[Records for this exercise]
::::::
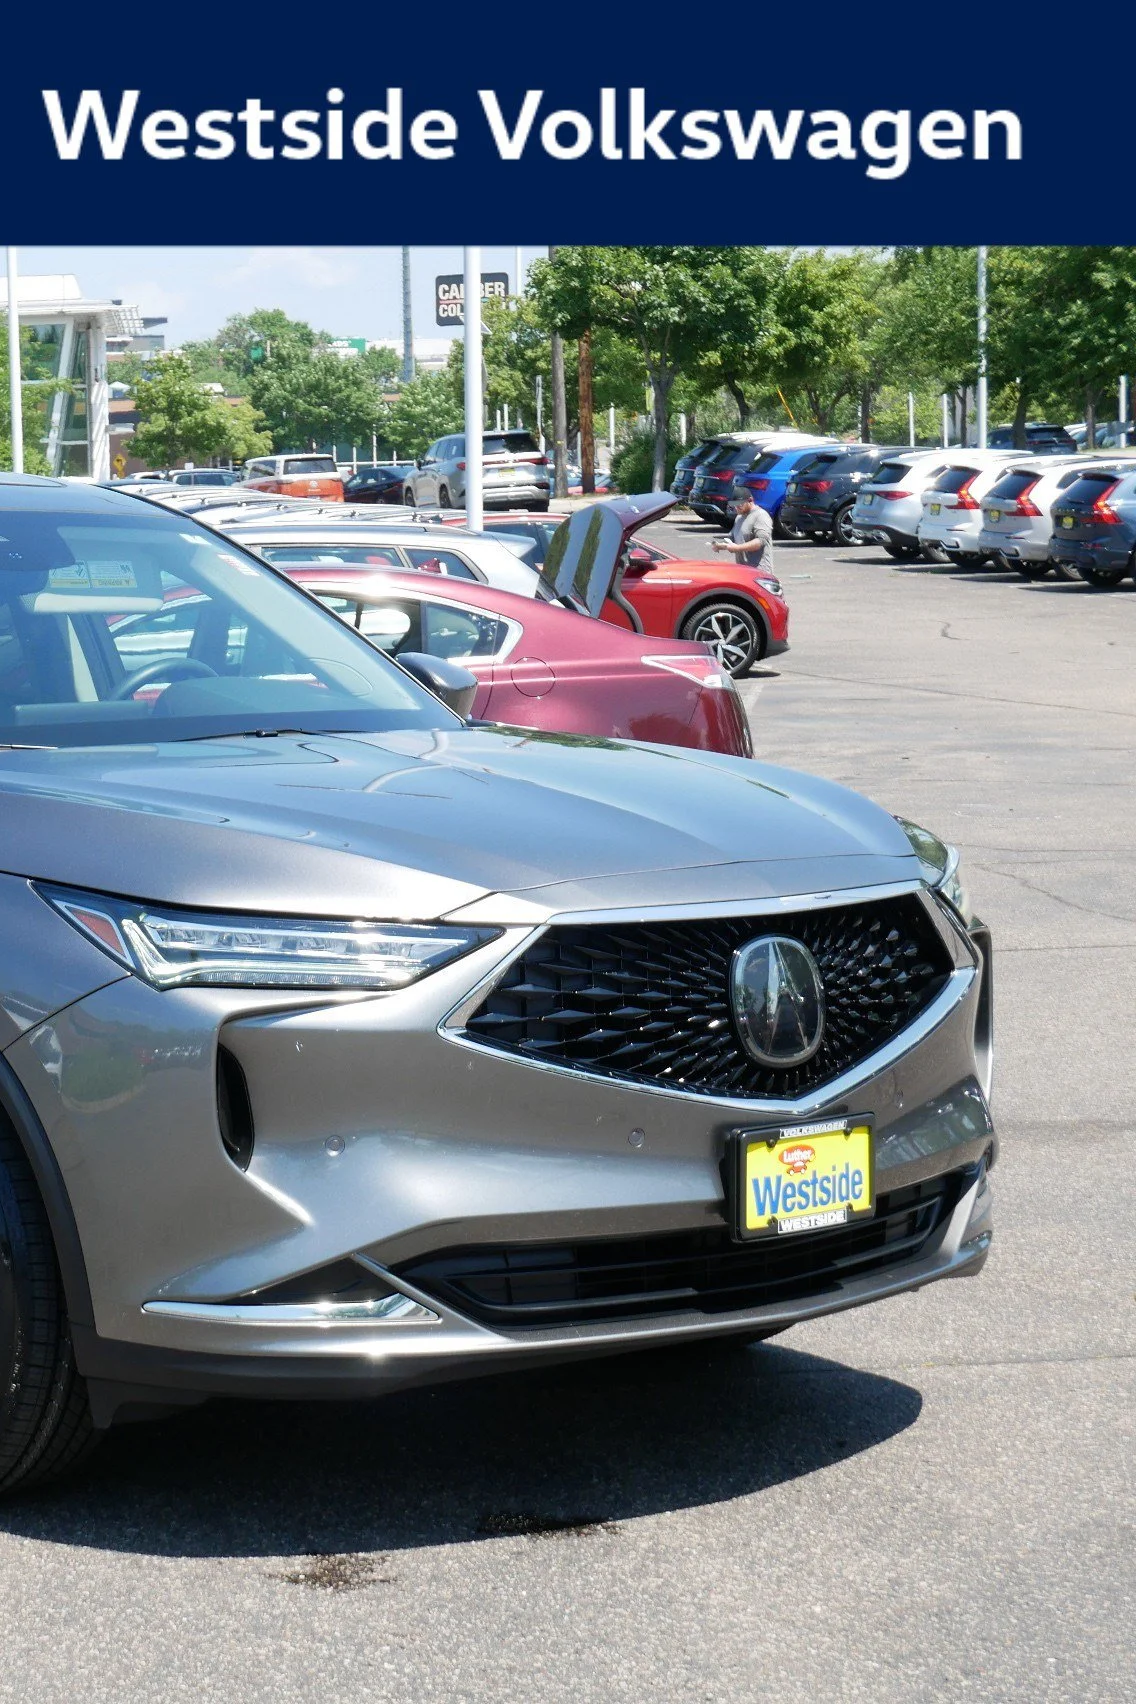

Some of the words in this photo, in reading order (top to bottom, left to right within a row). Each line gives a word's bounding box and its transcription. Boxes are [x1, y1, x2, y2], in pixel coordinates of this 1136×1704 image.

[438, 281, 506, 300] CABER
[783, 1120, 846, 1138] VOLKSWAGEN
[783, 1148, 813, 1161] Luther
[752, 1162, 863, 1217] Westside
[779, 1210, 845, 1232] WESTSIDE
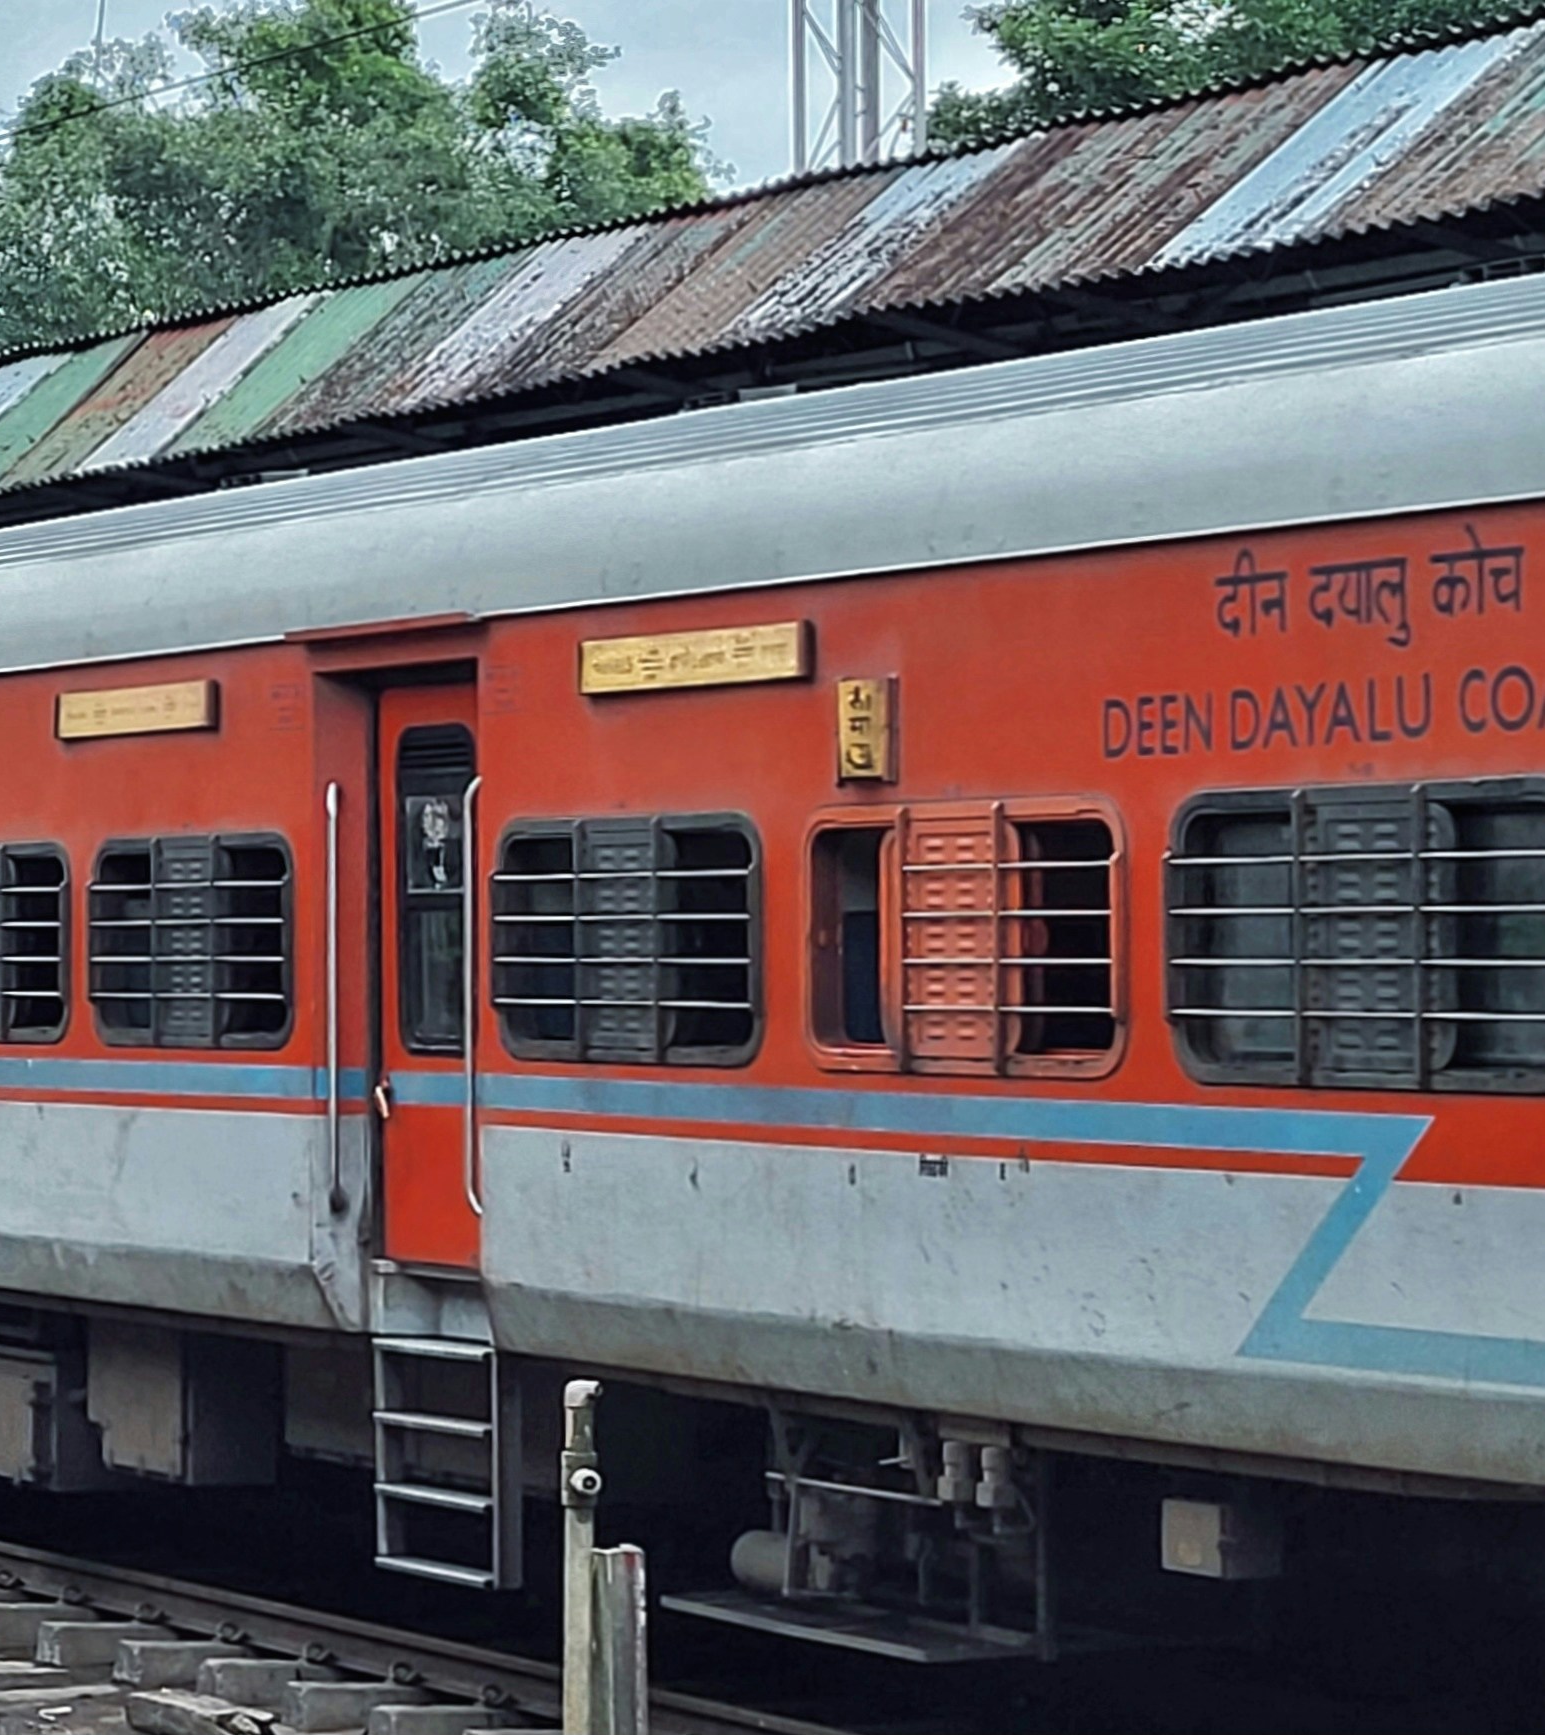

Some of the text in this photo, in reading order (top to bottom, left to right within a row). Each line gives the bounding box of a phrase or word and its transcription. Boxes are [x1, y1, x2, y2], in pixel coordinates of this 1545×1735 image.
::::::
[What to produce] Output the material word for word, omitting its pictures.

[Answer section]
Some of the words in this photo, in reading order (top to bottom, left to right within a row). Each line gives a word's bounding box and its transcription. Boxes are [x1, y1, x2, y2], in pixel coordinates of this 1136×1704 image.

[438, 281, 506, 300] CABER
[783, 1120, 846, 1138] VOLKSWAGEN
[783, 1148, 813, 1161] Luther
[752, 1162, 863, 1217] Westside
[779, 1210, 845, 1232] WESTSIDE

Some of the text in this photo, in reading order (top to bottom, left to right within a row). Each line gives the bounding box of a phrase or word and its transcription. Boxes are [x1, y1, x2, y2], in pixel coordinates of this 1545×1735 image.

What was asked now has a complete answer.